In the copy, include no pictures, but reproduce every record exactly.

Referring expression grounding data:
● ● ● ● ●
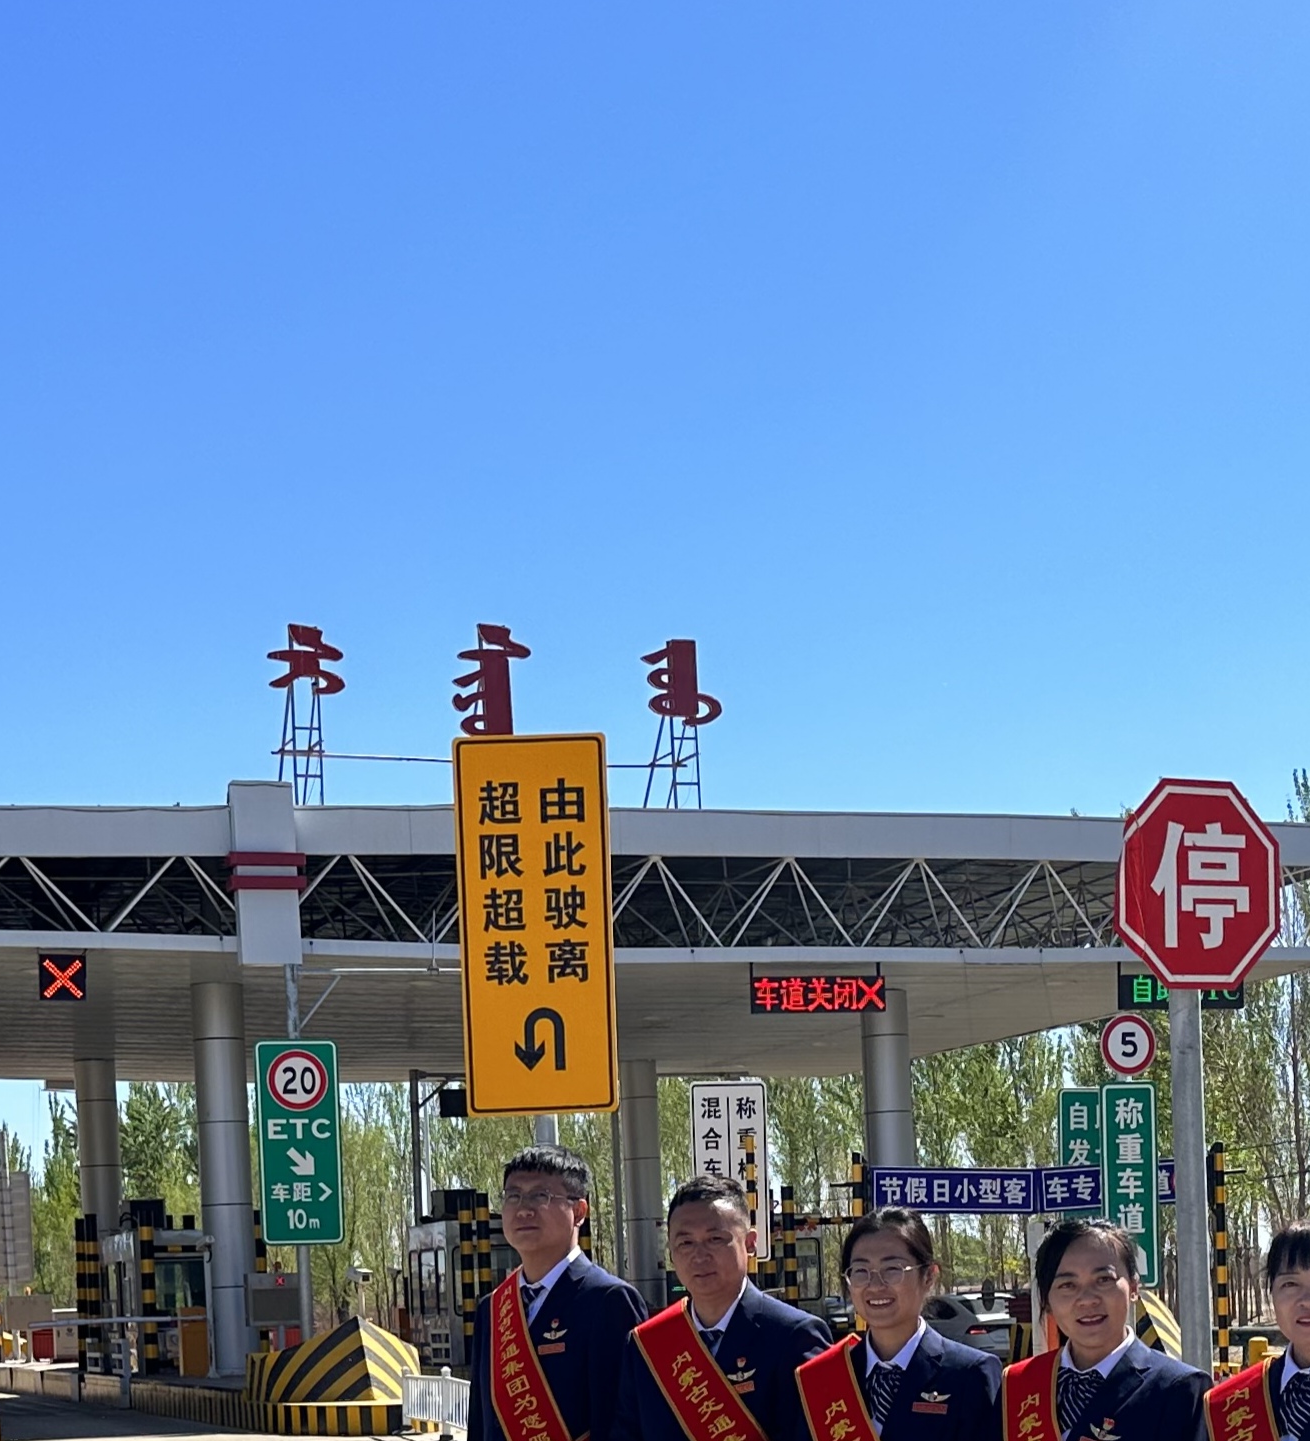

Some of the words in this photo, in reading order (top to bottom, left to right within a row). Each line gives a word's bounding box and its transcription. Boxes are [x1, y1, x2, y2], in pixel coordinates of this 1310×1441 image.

[478, 780, 528, 985] 超限超载
[539, 778, 589, 984] 由此驶离
[1150, 821, 1250, 949] 停
[1121, 1031, 1138, 1057] 5
[282, 1067, 316, 1095] 20
[267, 1118, 331, 1140] ETC
[1115, 1098, 1145, 1234] 称重车道
[879, 1175, 1027, 1206] 节假日小型客
[287, 1209, 321, 1230] 10m
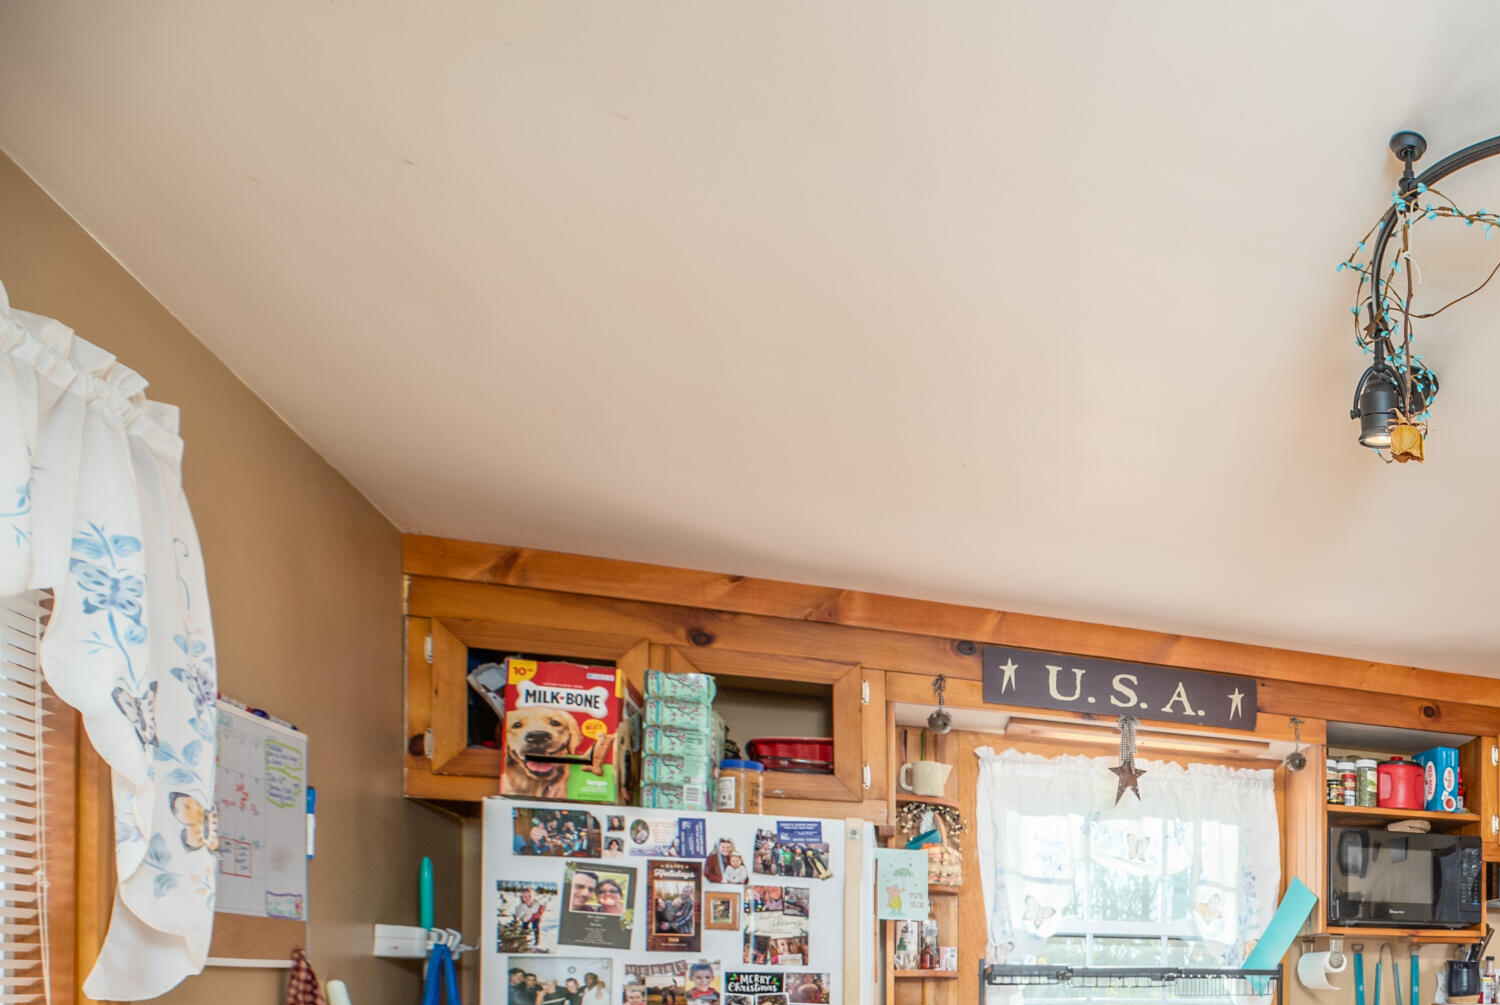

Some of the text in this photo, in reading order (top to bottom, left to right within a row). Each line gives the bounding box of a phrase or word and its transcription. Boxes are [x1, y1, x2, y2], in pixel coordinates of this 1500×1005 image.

[513, 666, 527, 676] 10
[1045, 664, 1205, 717] U.S.A.
[739, 973, 772, 985] MERRY
[727, 981, 778, 992] Christmas
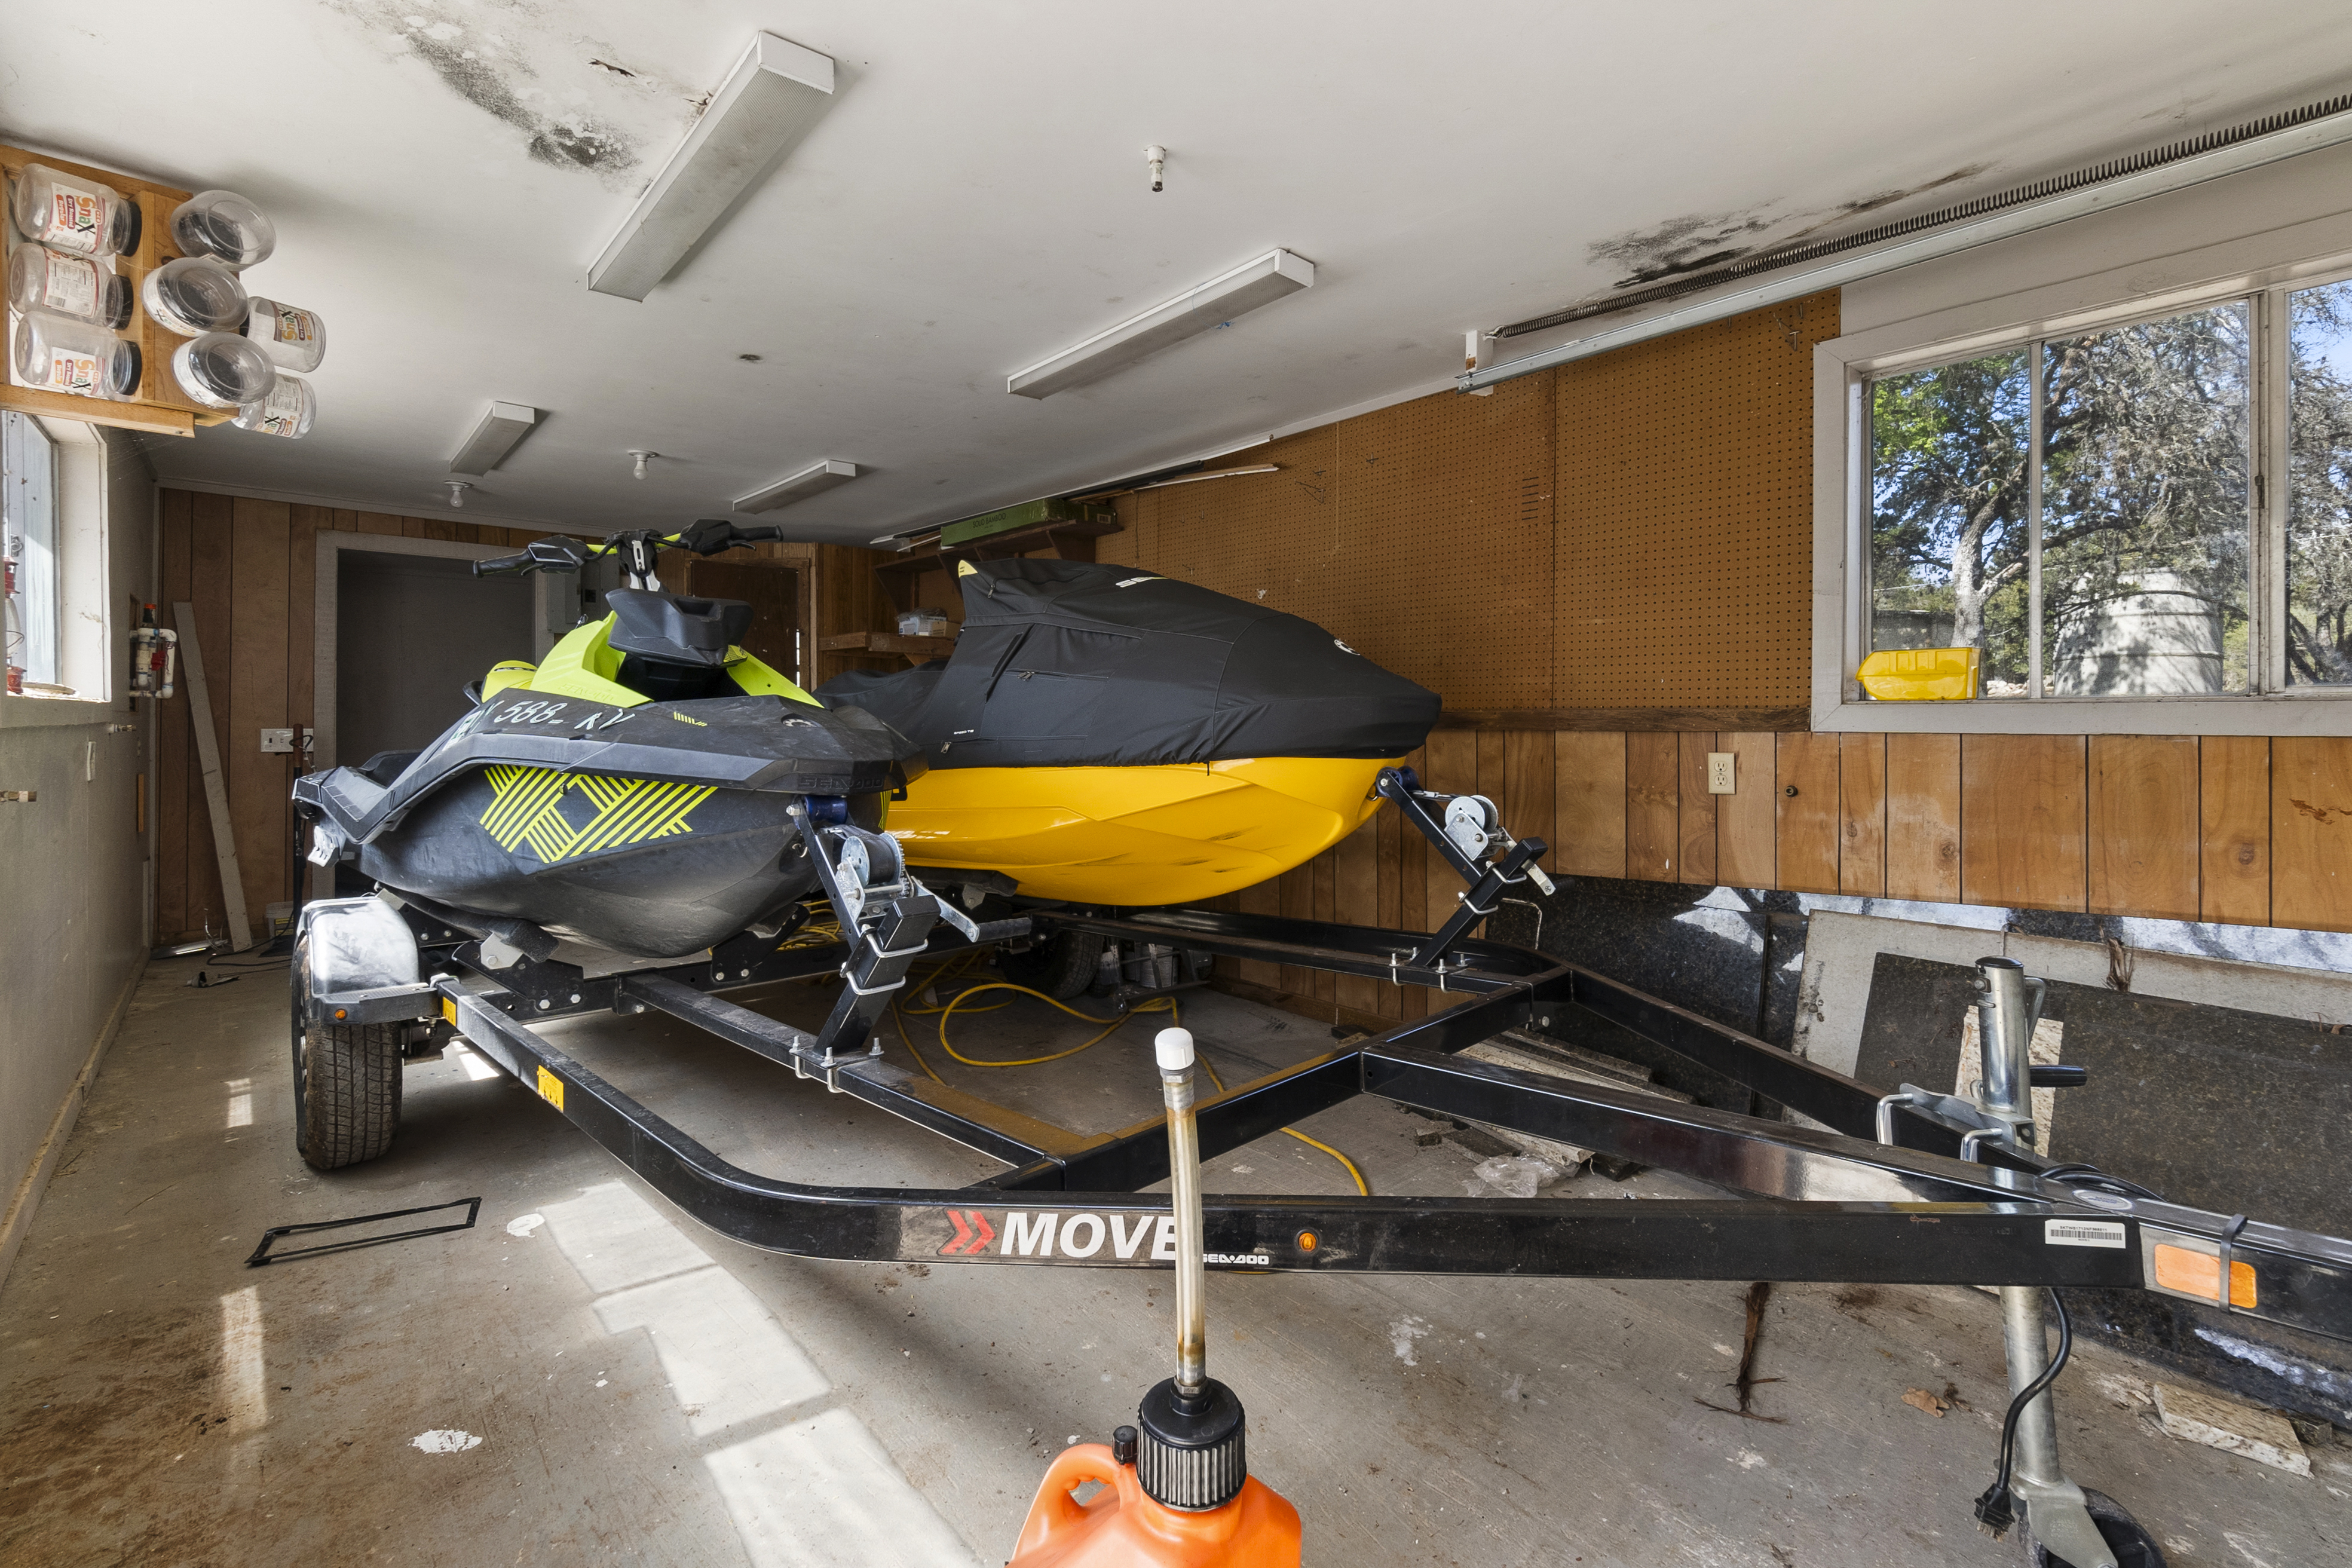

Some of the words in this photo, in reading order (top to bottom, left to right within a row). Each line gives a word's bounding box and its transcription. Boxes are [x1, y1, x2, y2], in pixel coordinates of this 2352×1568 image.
● ● ● ● ●
OUTPUT FOR THIS TASK:
Some of the words in this photo, in reading order (top to bottom, left to right within a row). Each line gives a word's bounding box and its transcription. Boxes are [x1, y1, x2, y2], in pixel coordinates of this 1310×1441 image.

[478, 780, 528, 985] 超限超载
[539, 778, 589, 984] 由此驶离
[1150, 821, 1250, 949] 停
[1121, 1031, 1138, 1057] 5
[282, 1067, 316, 1095] 20
[267, 1118, 331, 1140] ETC
[1115, 1098, 1145, 1234] 称重车道
[879, 1175, 1027, 1206] 节假日小型客
[287, 1209, 321, 1230] 10m

Some of the text in this photo, in reading order (top to bottom, left to right within a row). Each line gives the bounding box of a phrase or word and its transcription. Boxes are [x1, y1, x2, y2], in pixel coordinates of this 1500×1005 image.

[513, 666, 527, 676] 10
[1045, 664, 1205, 717] U.S.A.
[739, 973, 772, 985] MERRY
[727, 981, 778, 992] Christmas

Some of the words in this photo, in reading order (top to bottom, left to right within a row). Each line gives a word's bounding box and its transcription. Boxes are [x1, y1, x2, y2], in pixel coordinates of this 2352×1568 image.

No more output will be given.